Chile’s economy and infrastructure are suffering greatly right now, and it has forced the center-right Piñera government and the private sector to make concessions they had brushed aside repeatedly in the past. “We see that the people are tired,” Alfonso Swett, the president of Chile’s largest business group, the Confederation of Production and Commerce, told reporters last month. “We heard a loud collective cry that maybe before we heard only in muted tones, and this is a call that we must meet with humility.”

Initially, the Piñera government moved to calm Chile with a series of measures targeted at the poor and middle class grappling with the rising cost of living. The government announced it would immediately increase government-subsidized pensions by 20 percent, raise the minimum monthly wage to 350,000 pesos ($440), cancel a recent 9.2 percent increase in electricity bills, and cut the prices of medicines for the elderly. But Piñera’s social agenda was received by most Chileans as too little, too late, and the protests only grew in scope and size.

But late last week, a “social pact” was reached among representatives of Chile’s main political parties to hold a referendum in April on whether to write a new constitution.

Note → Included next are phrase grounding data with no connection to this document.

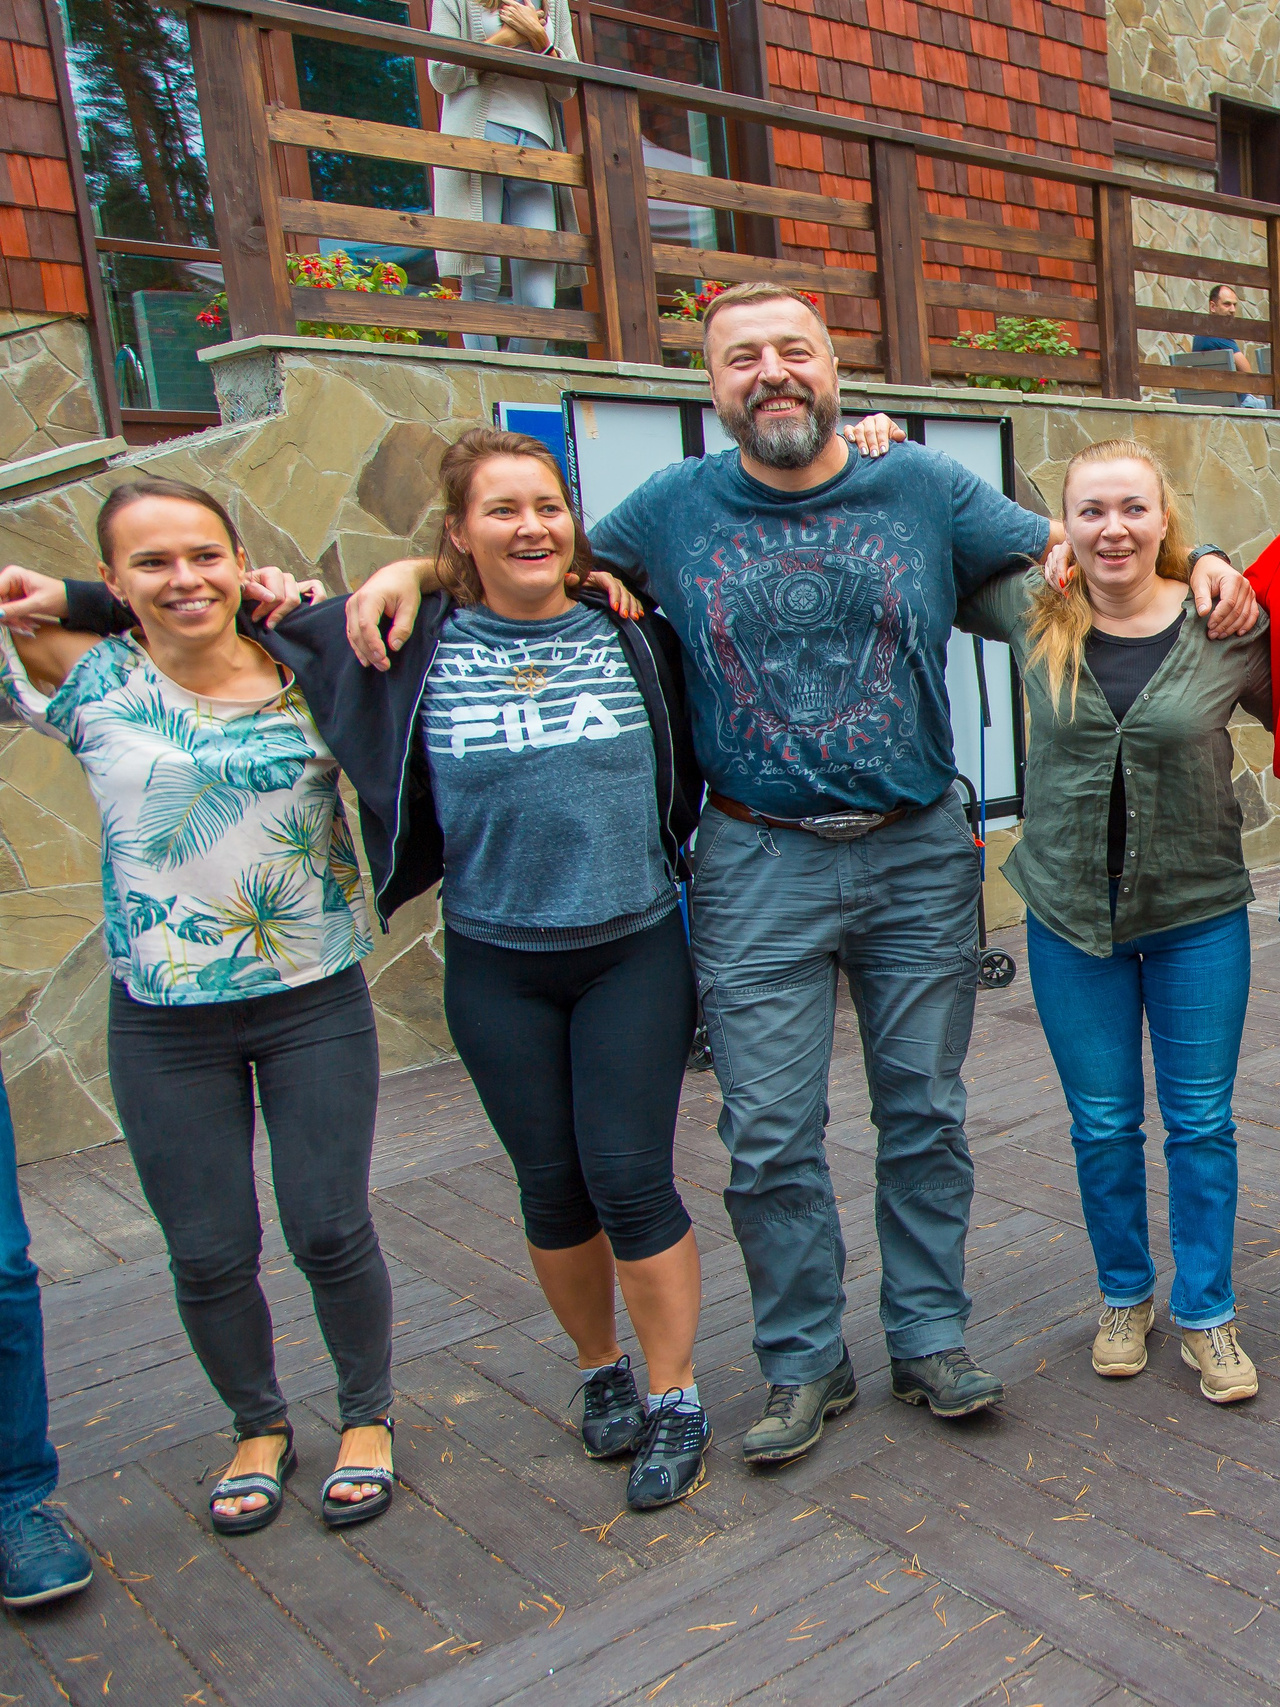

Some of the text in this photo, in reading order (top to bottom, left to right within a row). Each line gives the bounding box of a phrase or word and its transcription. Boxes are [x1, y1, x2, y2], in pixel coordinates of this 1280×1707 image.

[567, 435, 577, 483] outdoor
[694, 515, 909, 601] AFFLICTION
[438, 638, 531, 683] YACHT
[450, 692, 621, 758] FILA
[759, 760, 785, 775] Los
[787, 763, 851, 782] Angeles

Many are cautiously optimistic.

David Altman, a political science professor at the Pontifical Catholic University of Chile in Santiago, believes democratic reforms through replacing the constitution fashioned by the Pinochet dictatorship in 1980 will ultimately help diminish unrest. “Chile has lacked the means to hear and process popular demands,” he said. “Citizens have no meaningful tools to change their situation unless they throw a couple of Molotov cocktails or block a road. Unless there is violence, the political elite don’t want to hear.”

Eight years ago, Giorgio Jackson, as president of the student union at Pontifical Catholic University, helped to lead protests for reforms of Chile’s education system that also raised inequality issues. In a meeting with the Chilean senate education commission, the then-student leader told politicians they ought to be more concerned with being “a guarantor of rights and not of consumer goods.”

Today, Jackson, 32, is a congressman and a leader of the Chilean left. He also represents a new generation of Chilean youth that are unencumbered by the country’s harsh, authoritarian past under Pinochet and eager to change the status quo. He sees forging a new constitution as opening the way toward dismantling a system that has privatized health care, education, and water resources but says there is a lot of distrust among Chileans. “The political parties in this country always seem to reach agreements that don’t make much of a difference,” Jackson said.

Surprised as anyone about the scale and scope of Chile’s social crisis, Jackson said social and economic conditions here had long been ripe. “The economic model has been benefiting only the few,” he said. “The Chilean family now realizes most workers in this country are stuck in a cycle of poverty and marginalization that is unacceptable.”